■ Task to carry out ■
Copy the entries exactly. Leave out any pictures.

■ Study material ■
=== Begin Enclosure ===

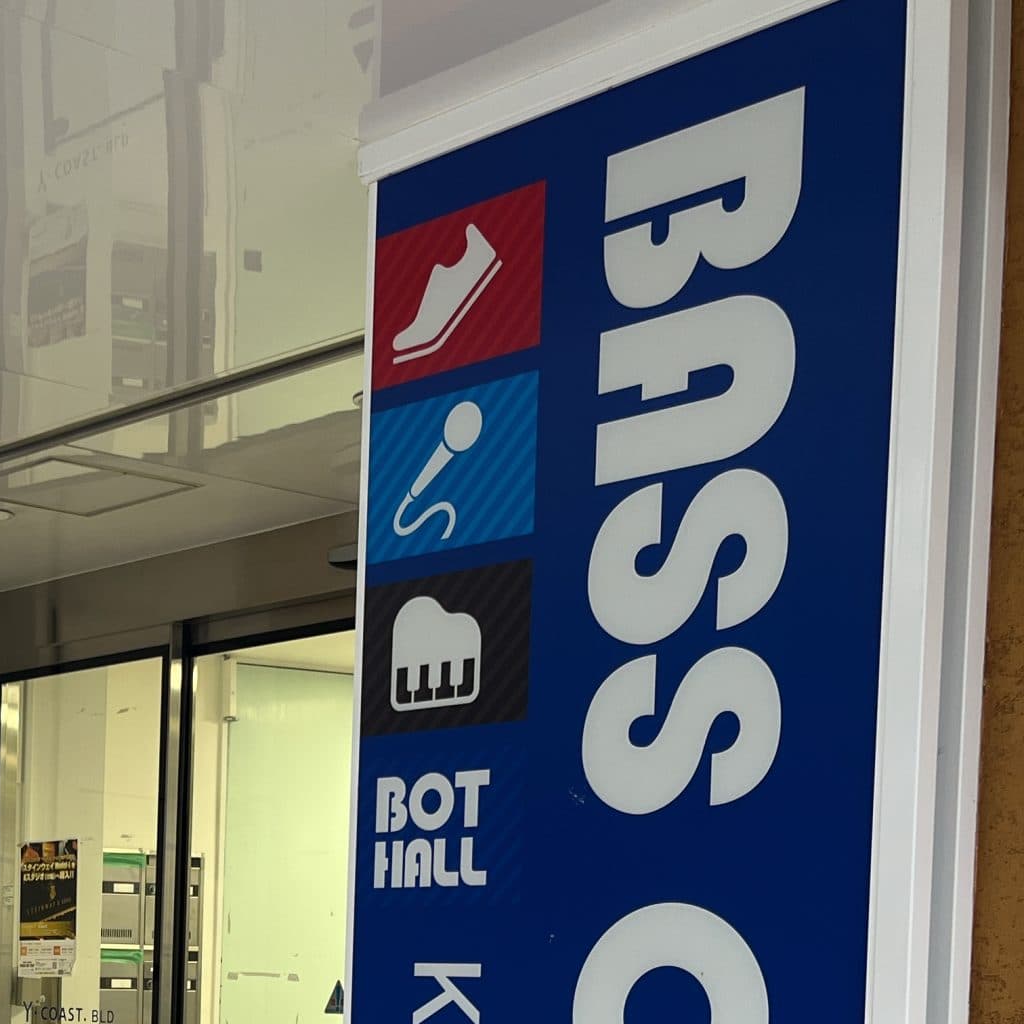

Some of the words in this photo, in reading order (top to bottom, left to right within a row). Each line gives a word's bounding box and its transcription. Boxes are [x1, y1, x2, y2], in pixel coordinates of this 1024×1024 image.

[581, 86, 805, 815] BASS
[375, 769, 491, 833] BOT
[373, 837, 487, 889] HALL
[91, 1010, 114, 1023] BLD
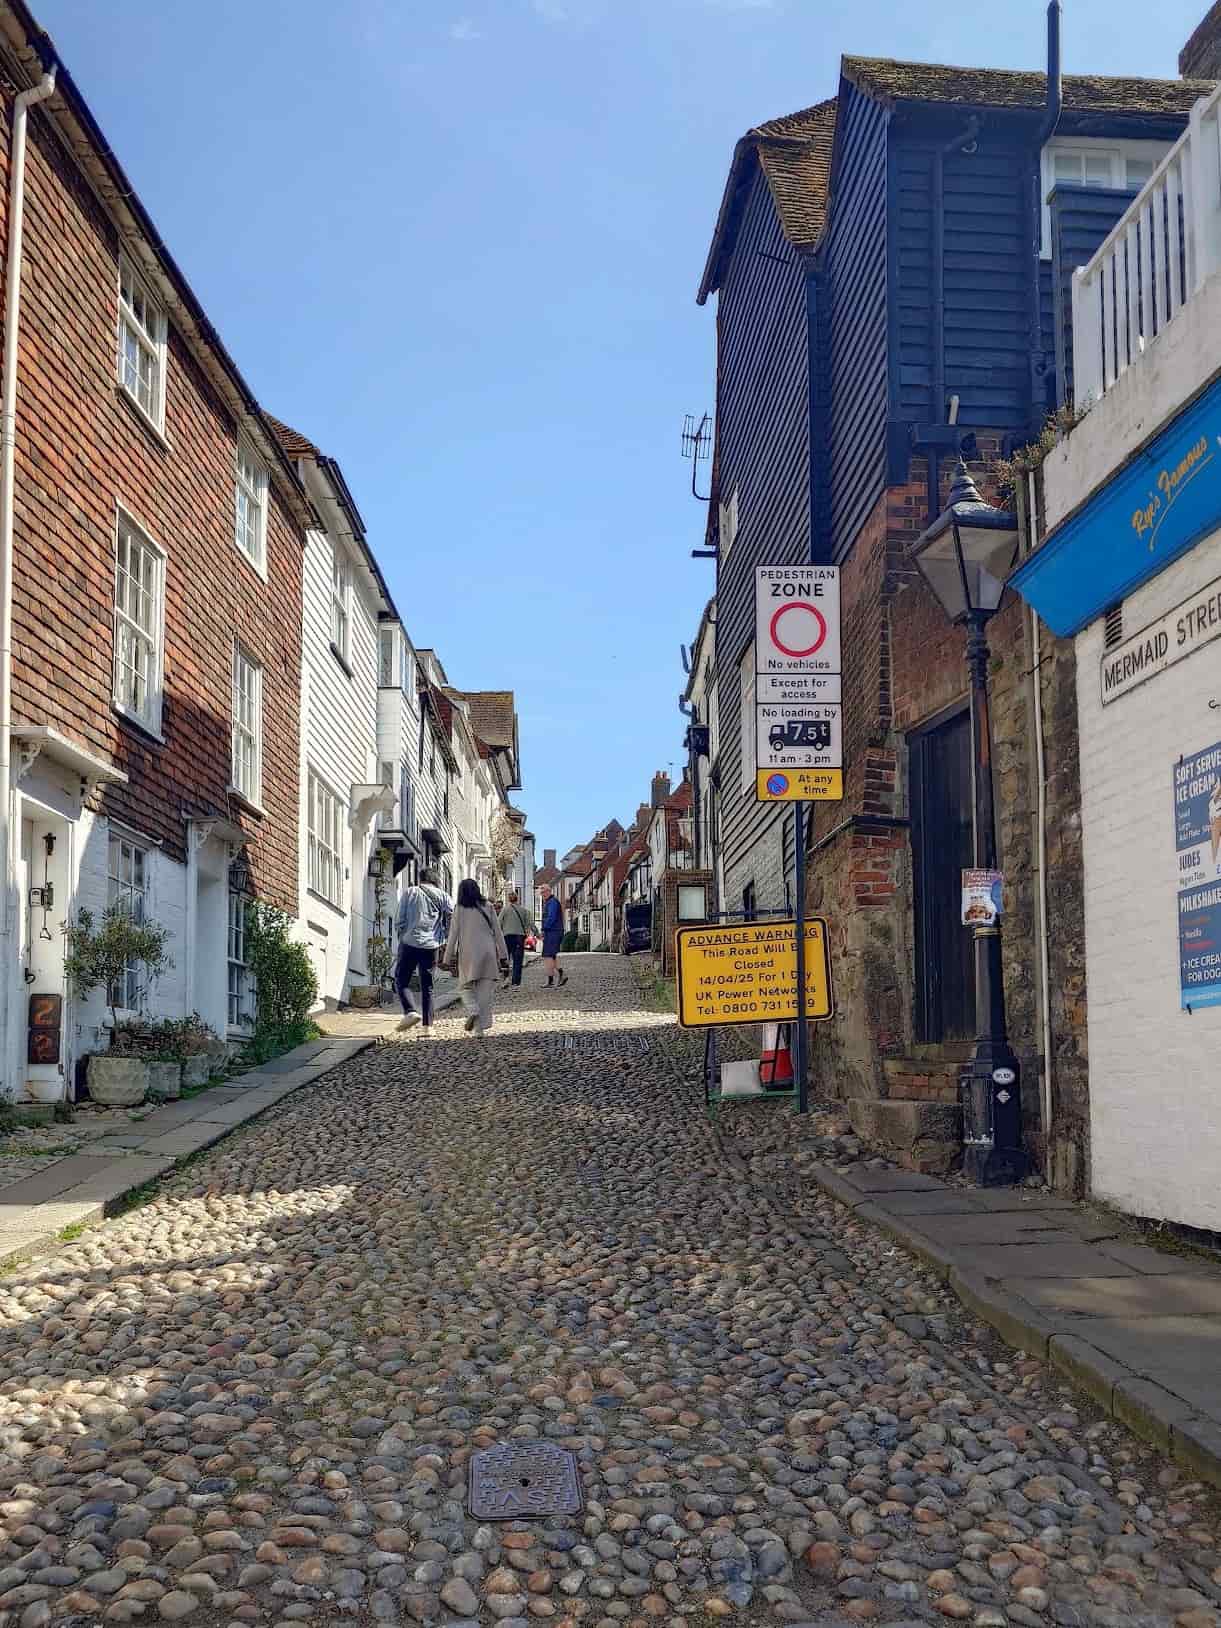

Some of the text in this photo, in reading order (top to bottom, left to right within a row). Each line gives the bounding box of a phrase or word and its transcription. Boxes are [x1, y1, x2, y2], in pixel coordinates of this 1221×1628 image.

[760, 570, 835, 579] PEDESTRIAN
[771, 583, 824, 597] ZONE
[768, 660, 830, 669] No vehicles
[1104, 631, 1168, 692] MERMAID
[771, 679, 828, 689] Except for
[781, 690, 817, 699] access
[762, 707, 837, 719] No loading by
[798, 774, 833, 784] At any
[1176, 762, 1194, 785] SOFT
[804, 786, 828, 794] time
[1176, 784, 1188, 805] ICE
[688, 932, 749, 945] ADVANCE
[703, 948, 725, 959] This
[729, 946, 759, 956] Road
[763, 942, 786, 953] Will
[734, 959, 774, 970] Closed
[700, 973, 754, 985] 14/04/25
[759, 972, 776, 982] For
[791, 970, 812, 981] Dy
[696, 985, 817, 1001] UK Power Netwoks
[723, 1002, 758, 1014] 0800
[762, 1000, 781, 1011] 731
[785, 998, 815, 1010] 159
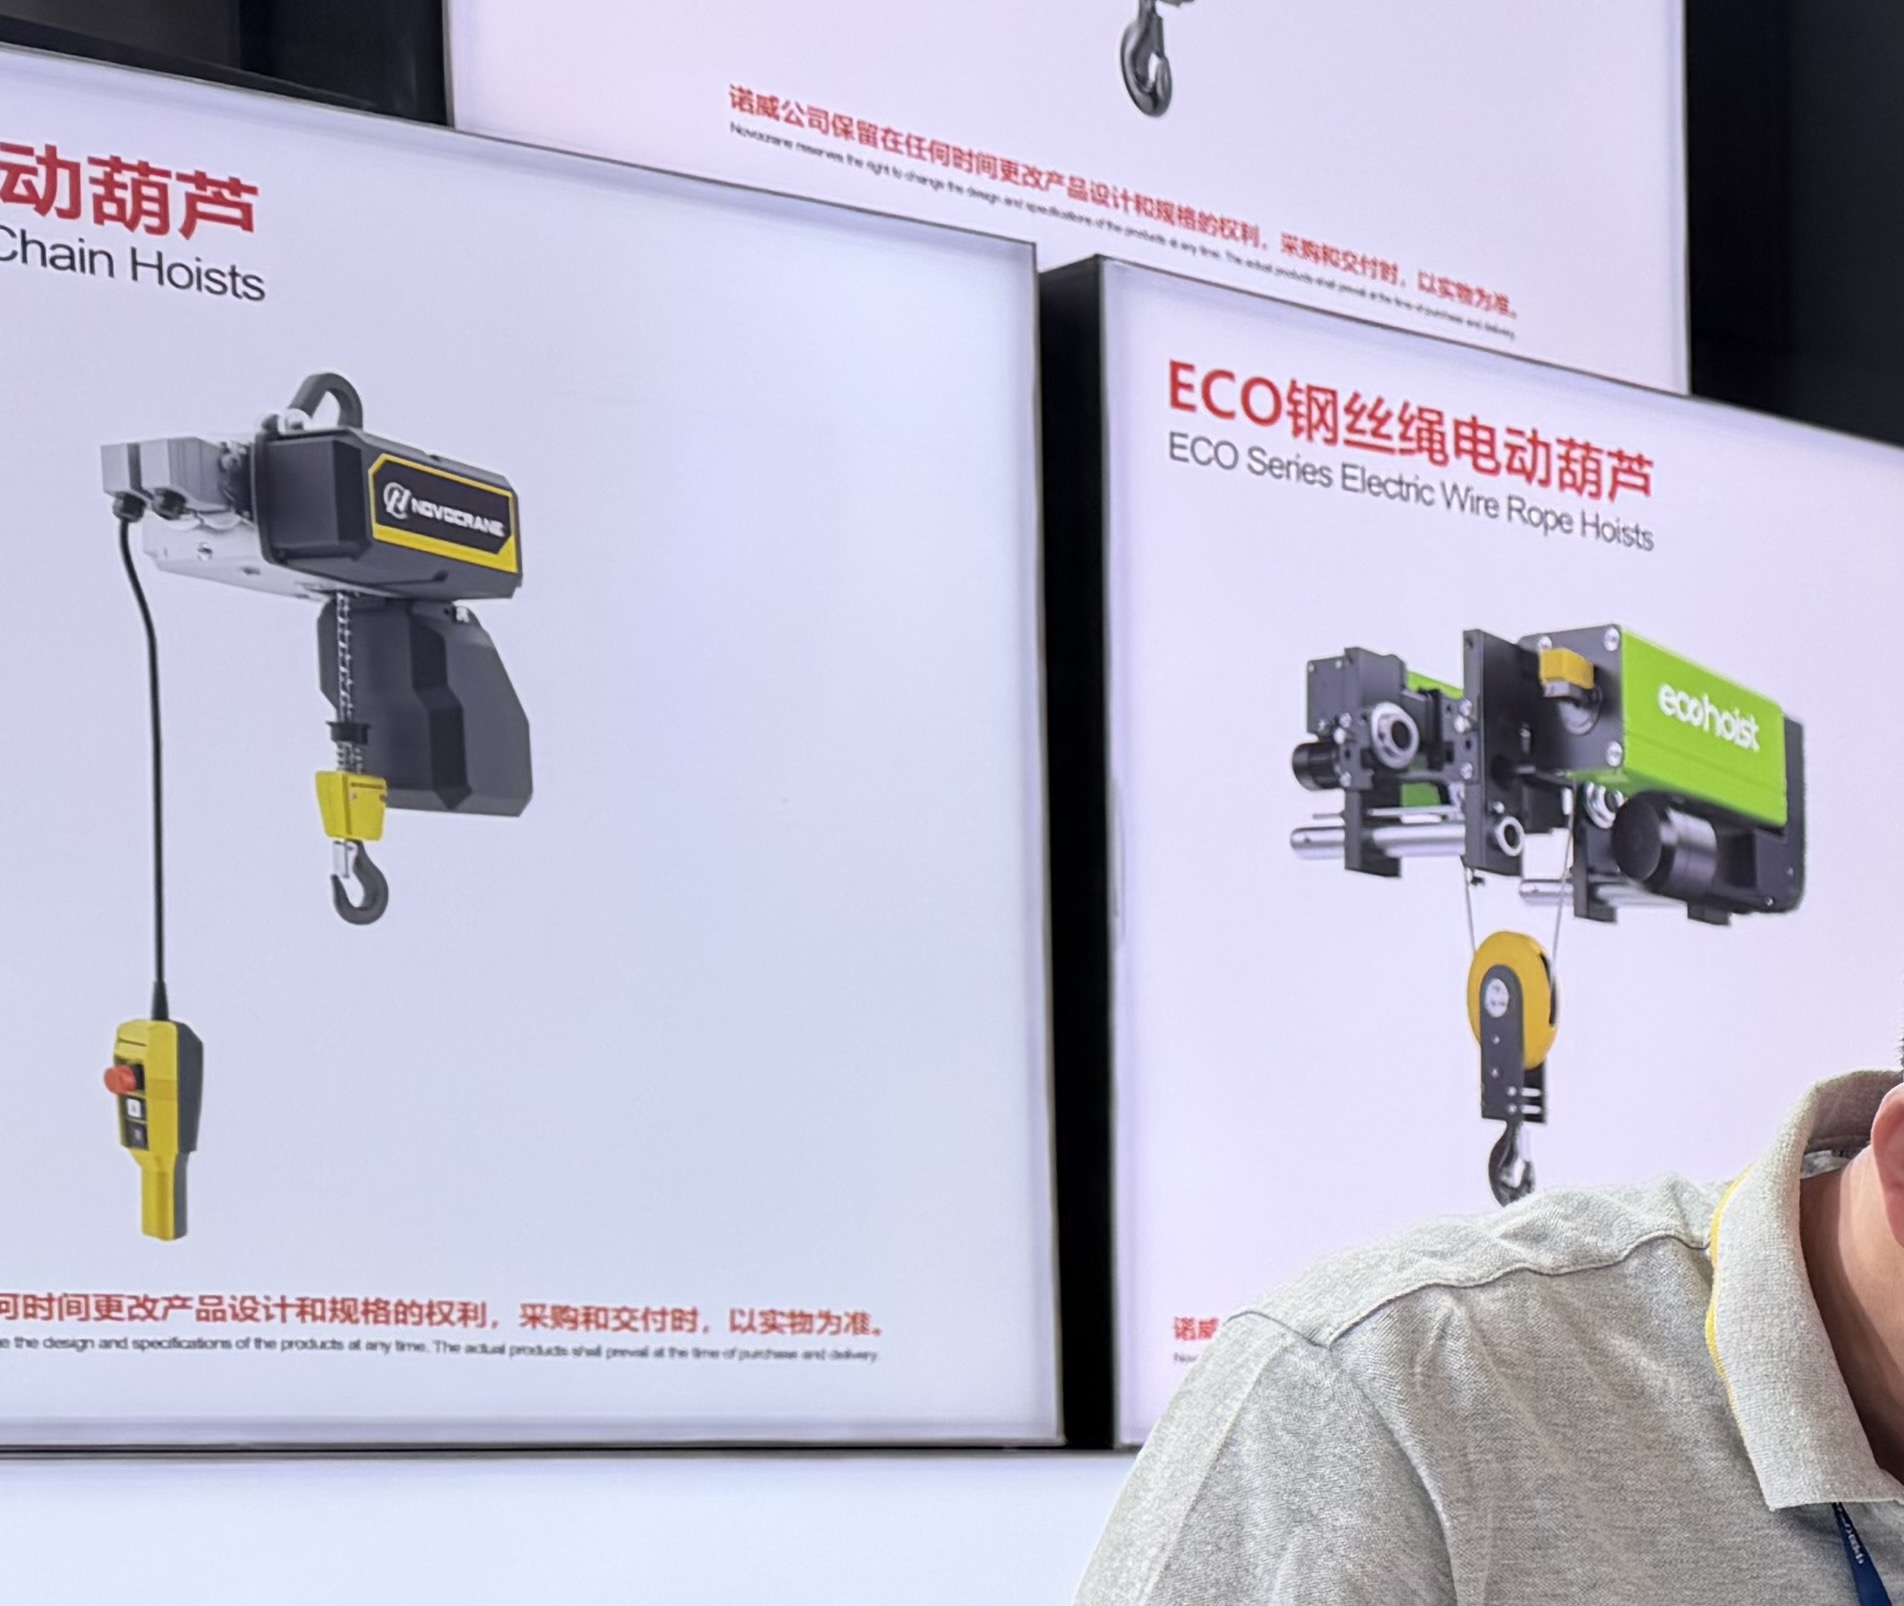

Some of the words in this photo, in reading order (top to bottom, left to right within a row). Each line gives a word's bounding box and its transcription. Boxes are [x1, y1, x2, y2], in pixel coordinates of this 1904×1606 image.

[131, 246, 266, 302] Hoists
[1169, 359, 1654, 503] ECO钢丝绳电动葫芦
[1169, 430, 1239, 471] ECO
[1247, 446, 1333, 488] Series
[1341, 463, 1436, 508] Electric
[1441, 480, 1500, 519] Wire
[1507, 493, 1573, 538] Rope
[1581, 511, 1655, 552] Hoists
[1658, 680, 1762, 755] ecohoist

=== End Enclosure ===

■ Solution to this exercise ■
Some of the words in this photo, in reading order (top to bottom, left to right within a row). Each line gives a word's bounding box and its transcription. Boxes are [x1, y1, x2, y2], in pixel coordinates of this 1024×1024 image.

[581, 86, 805, 815] BASS
[375, 769, 491, 833] BOT
[373, 837, 487, 889] HALL
[91, 1010, 114, 1023] BLD

Some of the text in this photo, in reading order (top to bottom, left to right within a row). Each line gives the bounding box of a phrase or word and its transcription. Boxes are [x1, y1, x2, y2], in pixel coordinates of this 1221×1628 image.

[760, 570, 835, 579] PEDESTRIAN
[771, 583, 824, 597] ZONE
[768, 660, 830, 669] No vehicles
[1104, 631, 1168, 692] MERMAID
[771, 679, 828, 689] Except for
[781, 690, 817, 699] access
[762, 707, 837, 719] No loading by
[798, 774, 833, 784] At any
[1176, 762, 1194, 785] SOFT
[804, 786, 828, 794] time
[1176, 784, 1188, 805] ICE
[688, 932, 749, 945] ADVANCE
[703, 948, 725, 959] This
[729, 946, 759, 956] Road
[763, 942, 786, 953] Will
[734, 959, 774, 970] Closed
[700, 973, 754, 985] 14/04/25
[759, 972, 776, 982] For
[791, 970, 812, 981] Dy
[696, 985, 817, 1001] UK Power Netwoks
[723, 1002, 758, 1014] 0800
[762, 1000, 781, 1011] 731
[785, 998, 815, 1010] 159

Some of the words in this photo, in reading order (top to bottom, left to right within a row). Each line gives a word's bounding box and its transcription. Boxes are [x1, y1, x2, y2], in pixel coordinates of this 1904×1606 image.

[131, 246, 266, 302] Hoists
[1169, 359, 1654, 503] ECO钢丝绳电动葫芦
[1169, 430, 1239, 471] ECO
[1247, 446, 1333, 488] Series
[1341, 463, 1436, 508] Electric
[1441, 480, 1500, 519] Wire
[1507, 493, 1573, 538] Rope
[1581, 511, 1655, 552] Hoists
[1658, 680, 1762, 755] ecohoist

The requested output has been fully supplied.